> _Problem_
Every line below should be copied exactly; drop the pictures.

[Stored data entries]
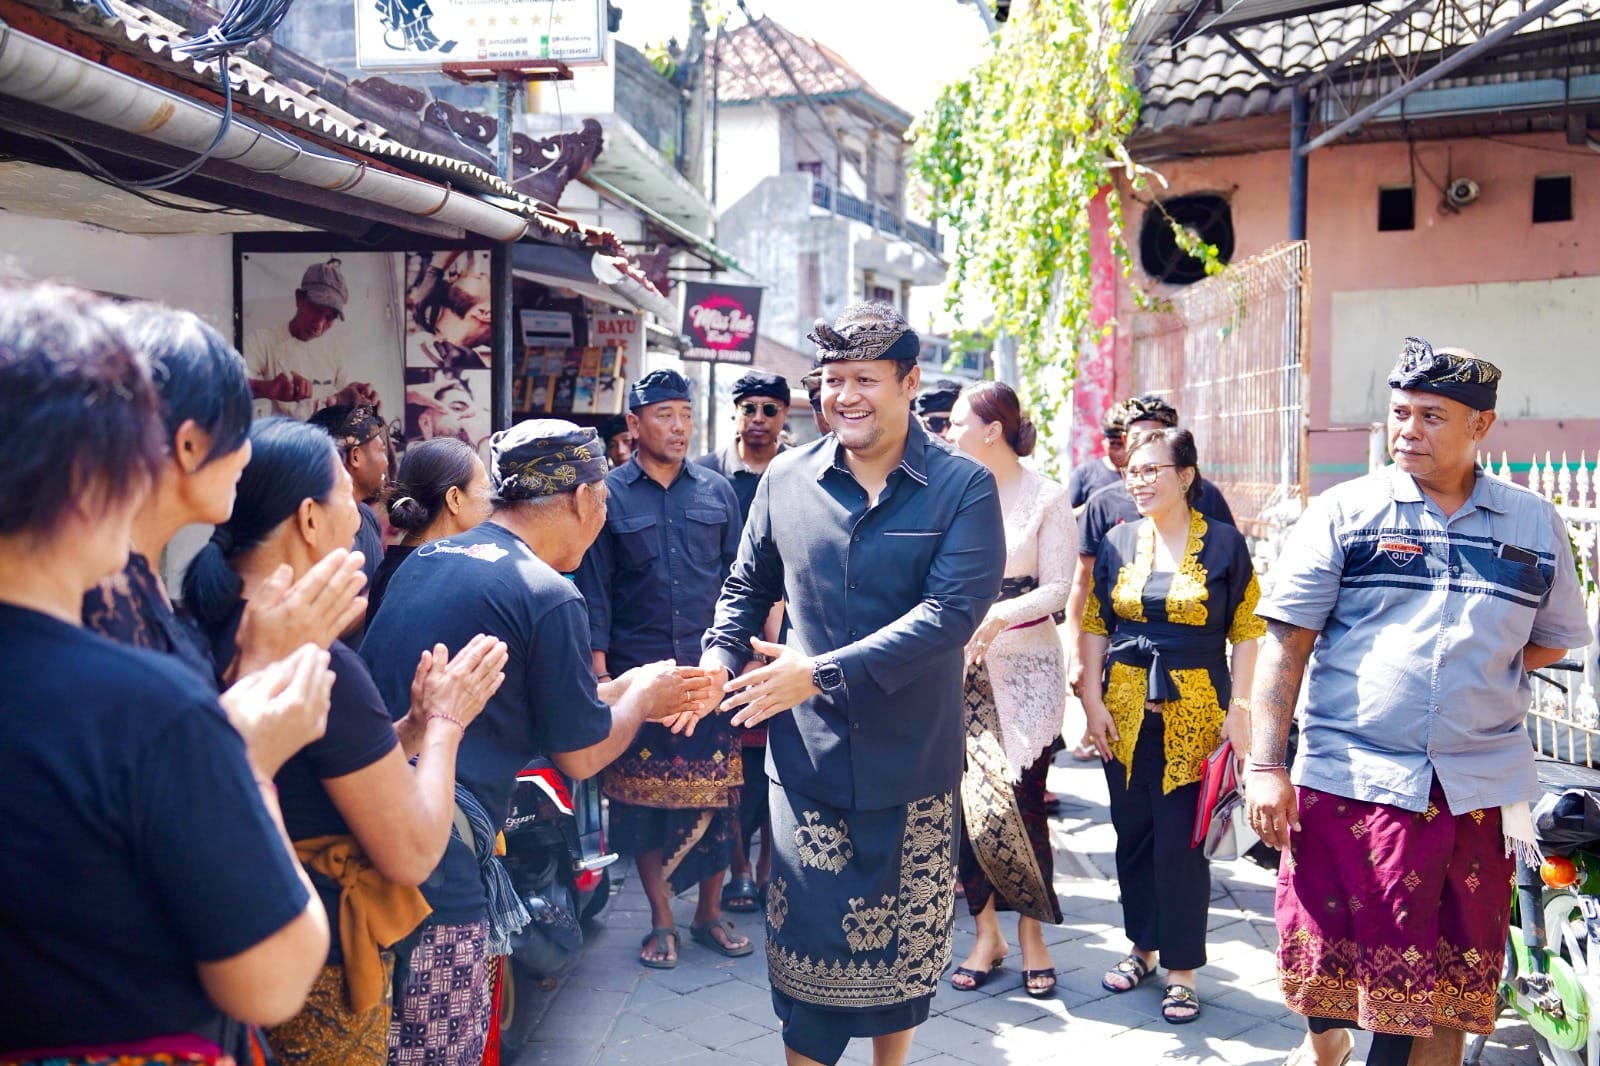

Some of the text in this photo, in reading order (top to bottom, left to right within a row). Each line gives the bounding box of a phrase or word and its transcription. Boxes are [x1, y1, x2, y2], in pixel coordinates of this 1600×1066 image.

[597, 320, 636, 334] BAYU
[718, 349, 751, 362] STUDIO
[1391, 552, 1409, 560] OIL
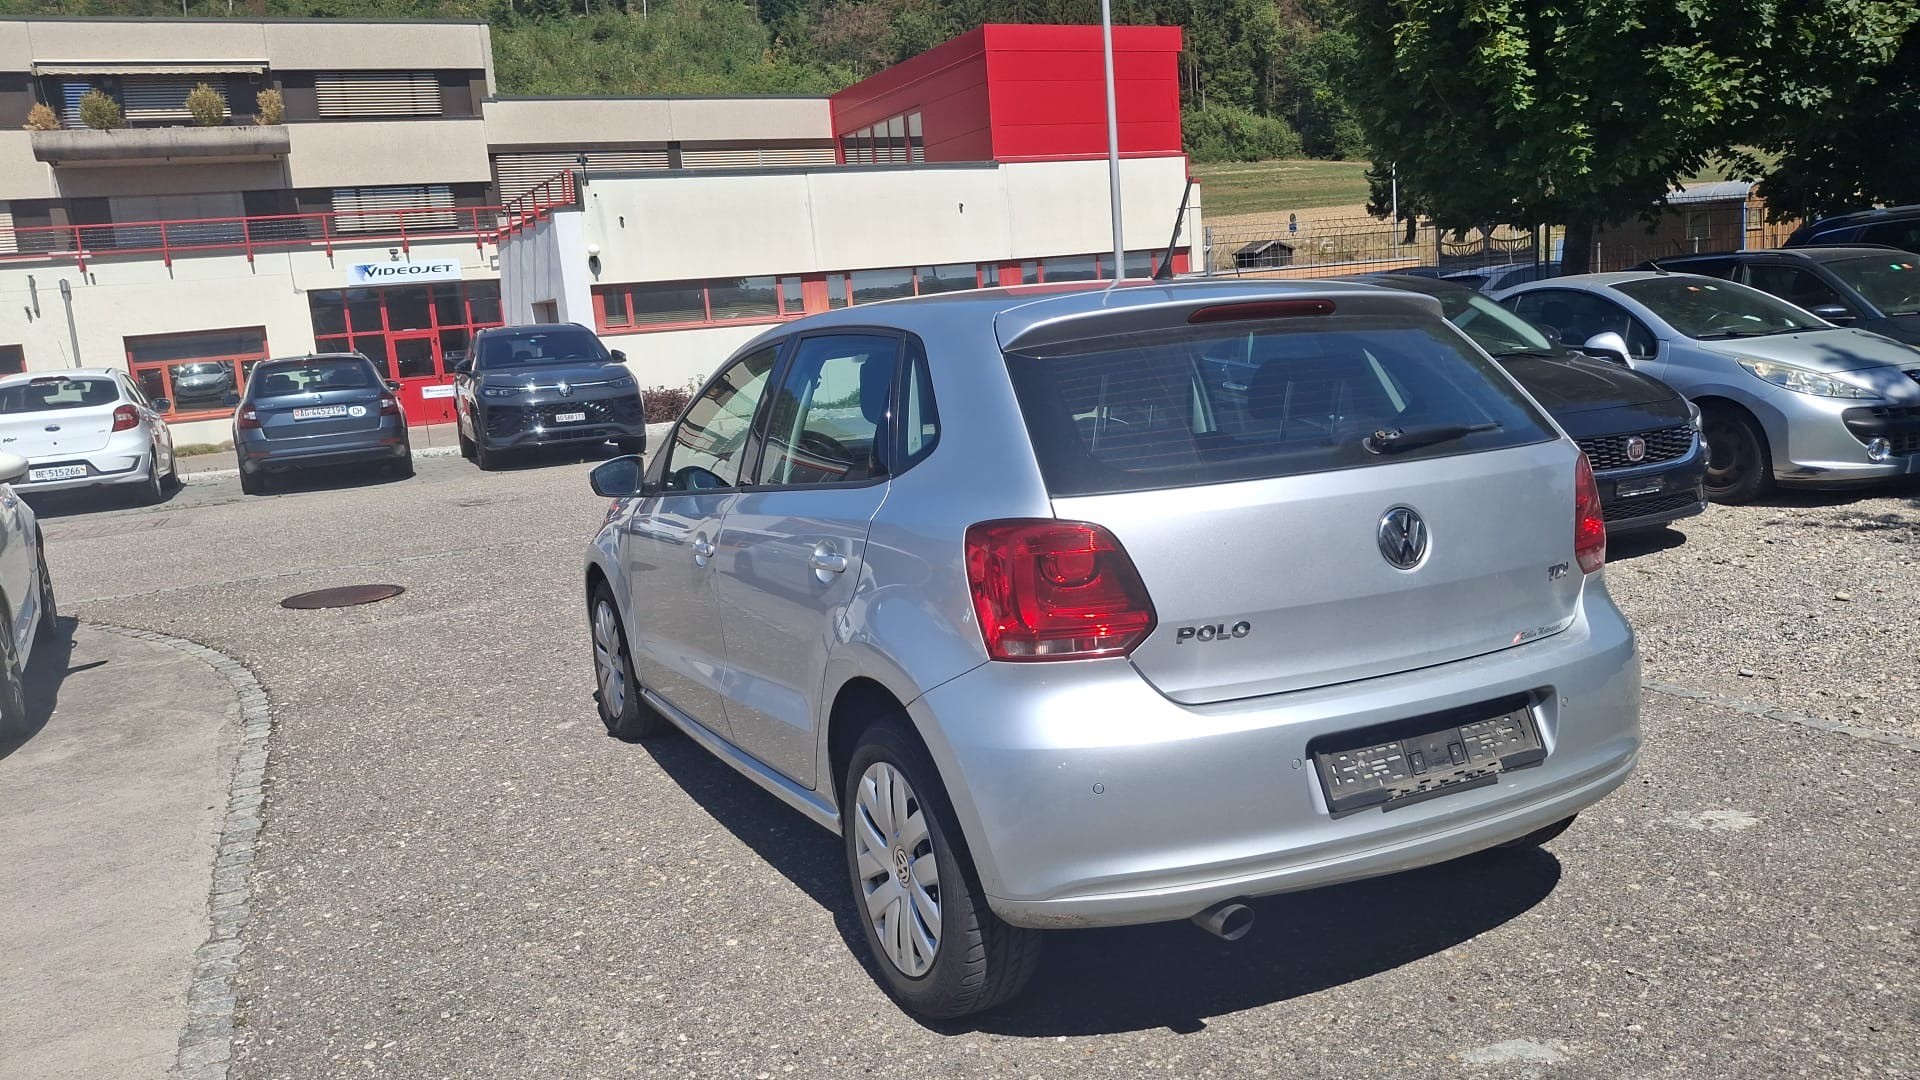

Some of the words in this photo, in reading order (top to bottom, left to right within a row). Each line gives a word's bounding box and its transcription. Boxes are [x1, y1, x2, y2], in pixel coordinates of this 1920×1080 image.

[366, 264, 453, 278] VIDEOJET
[352, 407, 363, 416] CH
[1548, 561, 1569, 582] TDI
[1176, 620, 1251, 645] POLO
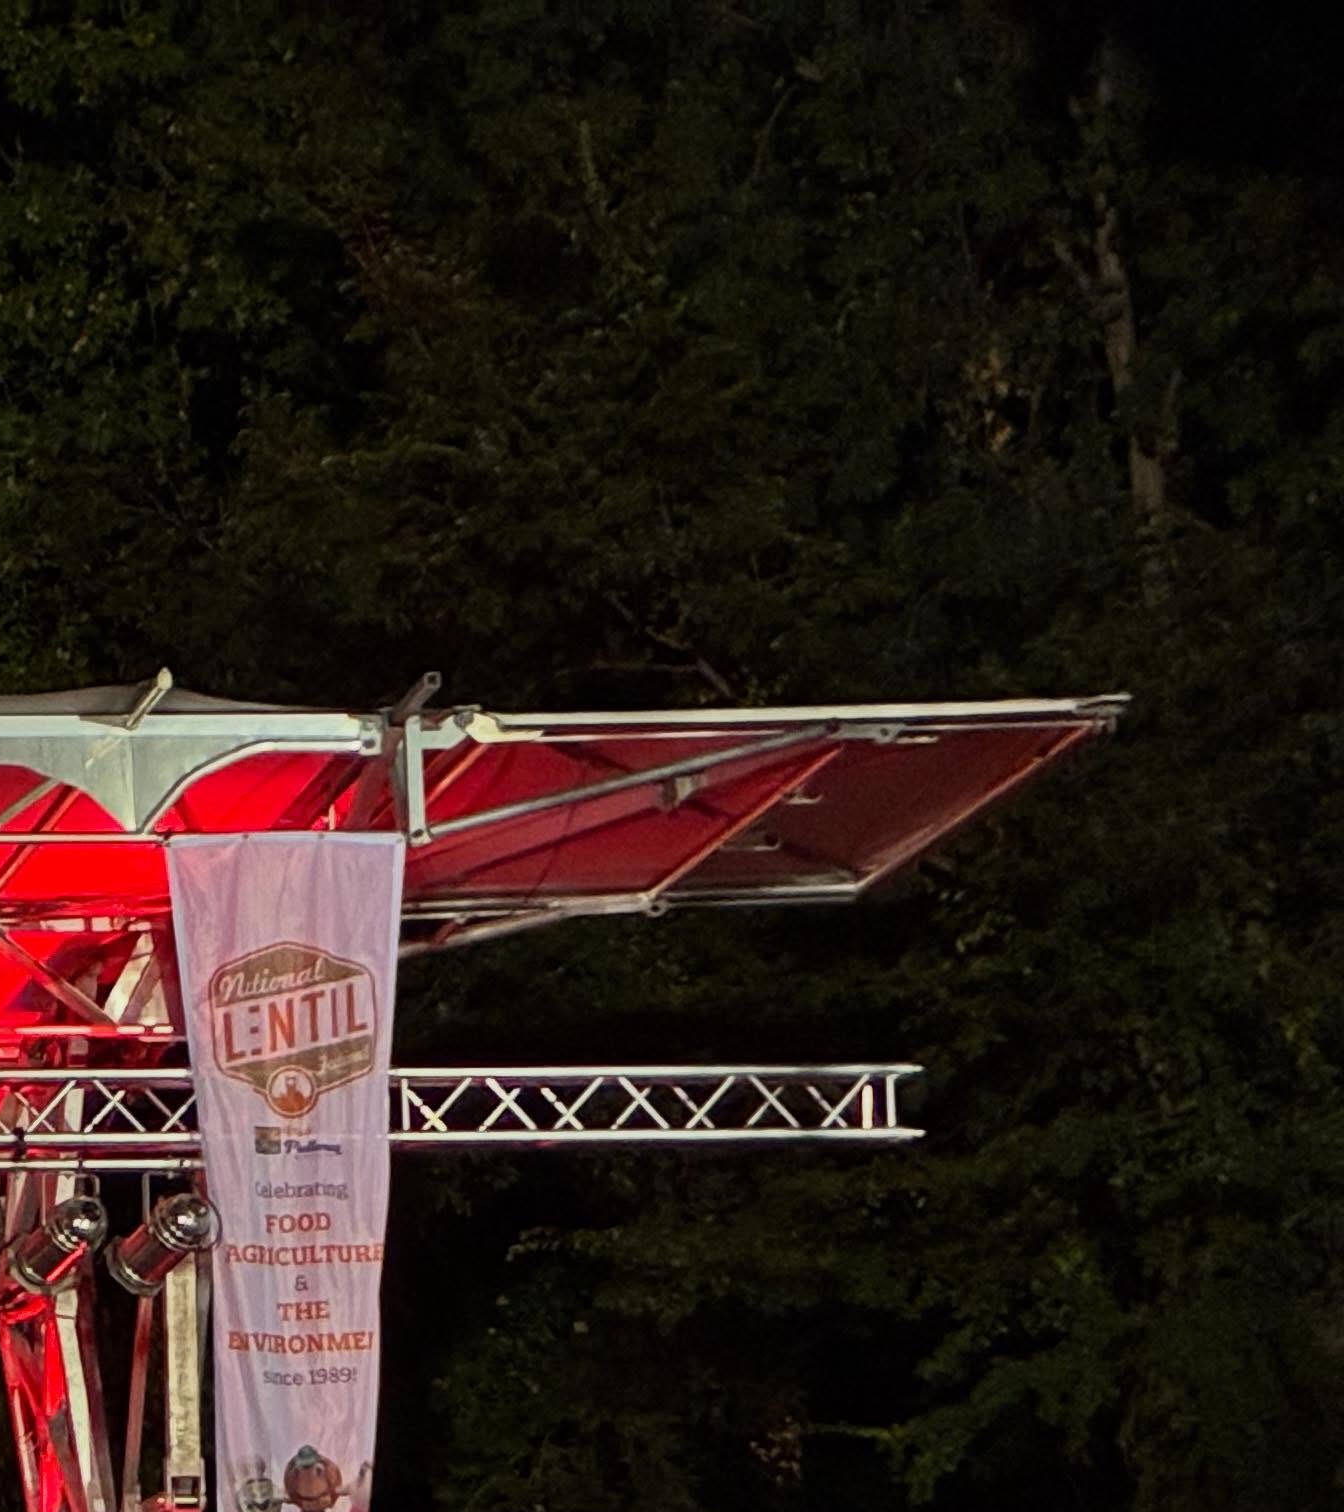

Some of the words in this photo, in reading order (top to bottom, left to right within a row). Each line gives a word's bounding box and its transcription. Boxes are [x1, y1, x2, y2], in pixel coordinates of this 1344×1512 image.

[219, 957, 326, 1001] National
[264, 1212, 332, 1234] FOOD
[294, 1274, 309, 1291] &
[277, 1301, 330, 1322] THE
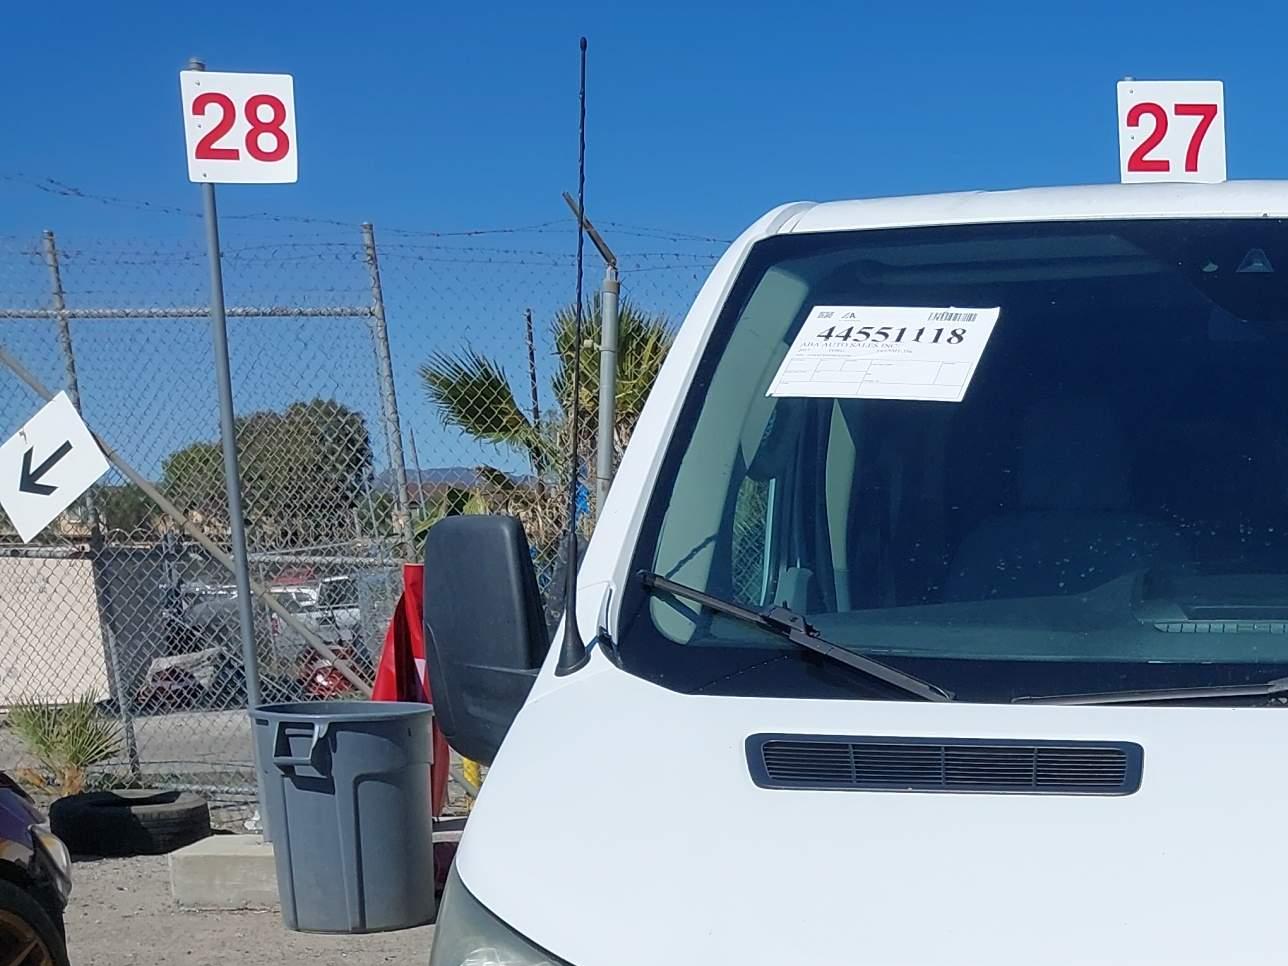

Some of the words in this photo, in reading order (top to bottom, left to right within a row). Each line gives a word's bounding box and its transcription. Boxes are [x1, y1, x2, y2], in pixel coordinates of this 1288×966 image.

[191, 91, 290, 162] 28
[1126, 101, 1218, 173] 27
[816, 325, 968, 345] 44551118

> _Answer to the problem_
Some of the text in this photo, in reading order (top to bottom, left to right within a row). Each line gives the bounding box of a phrase or word and its transcription. Boxes are [x1, y1, x2, y2], in pixel coordinates of this 1600×1066 image.

[597, 320, 636, 334] BAYU
[718, 349, 751, 362] STUDIO
[1391, 552, 1409, 560] OIL

Some of the words in this photo, in reading order (top to bottom, left to right within a row). Each line gives a word's bounding box and its transcription. Boxes are [x1, y1, x2, y2], in pixel coordinates of this 1920×1080 image.

[366, 264, 453, 278] VIDEOJET
[352, 407, 363, 416] CH
[1548, 561, 1569, 582] TDI
[1176, 620, 1251, 645] POLO

Some of the words in this photo, in reading order (top to bottom, left to right within a row). Each line gives a word's bounding box and its transcription. Boxes are [x1, y1, x2, y2], in pixel coordinates of this 1344×1512 image.

[219, 957, 326, 1001] National
[264, 1212, 332, 1234] FOOD
[294, 1274, 309, 1291] &
[277, 1301, 330, 1322] THE

Some of the words in this photo, in reading order (top to bottom, left to right within a row). Each line gives a word's bounding box and its transcription. Boxes are [x1, y1, x2, y2], in pixel coordinates of this 1288×966 image.

[191, 91, 290, 162] 28
[1126, 101, 1218, 173] 27
[816, 325, 968, 345] 44551118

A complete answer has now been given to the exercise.